YOUR OBJECTIVE:
The whole of the data, every line, should come back exactly the same.

THE DATA below:

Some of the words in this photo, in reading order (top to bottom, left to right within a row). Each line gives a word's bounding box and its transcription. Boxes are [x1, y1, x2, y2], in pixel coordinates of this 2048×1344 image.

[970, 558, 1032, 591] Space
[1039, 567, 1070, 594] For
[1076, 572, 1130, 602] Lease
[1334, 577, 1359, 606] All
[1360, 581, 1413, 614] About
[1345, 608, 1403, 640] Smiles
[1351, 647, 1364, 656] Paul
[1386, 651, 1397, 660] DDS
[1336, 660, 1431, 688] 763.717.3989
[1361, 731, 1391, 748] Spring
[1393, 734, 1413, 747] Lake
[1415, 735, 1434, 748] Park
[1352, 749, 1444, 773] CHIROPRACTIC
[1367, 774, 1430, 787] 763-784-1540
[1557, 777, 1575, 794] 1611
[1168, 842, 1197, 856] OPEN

End of THE DATA.

REPLY TO THE TASK:
Some of the words in this photo, in reading order (top to bottom, left to right within a row). Each line gives a word's bounding box and its transcription. Boxes are [x1, y1, x2, y2], in pixel coordinates of this 2048×1344 image.

[970, 558, 1032, 591] Space
[1039, 567, 1070, 594] For
[1076, 572, 1130, 602] Lease
[1334, 577, 1359, 606] All
[1360, 581, 1413, 614] About
[1345, 608, 1403, 640] Smiles
[1351, 647, 1364, 656] Paul
[1386, 651, 1397, 660] DDS
[1336, 660, 1431, 688] 763.717.3989
[1361, 731, 1391, 748] Spring
[1393, 734, 1413, 747] Lake
[1415, 735, 1434, 748] Park
[1352, 749, 1444, 773] CHIROPRACTIC
[1367, 774, 1430, 787] 763-784-1540
[1557, 777, 1575, 794] 1611
[1168, 842, 1197, 856] OPEN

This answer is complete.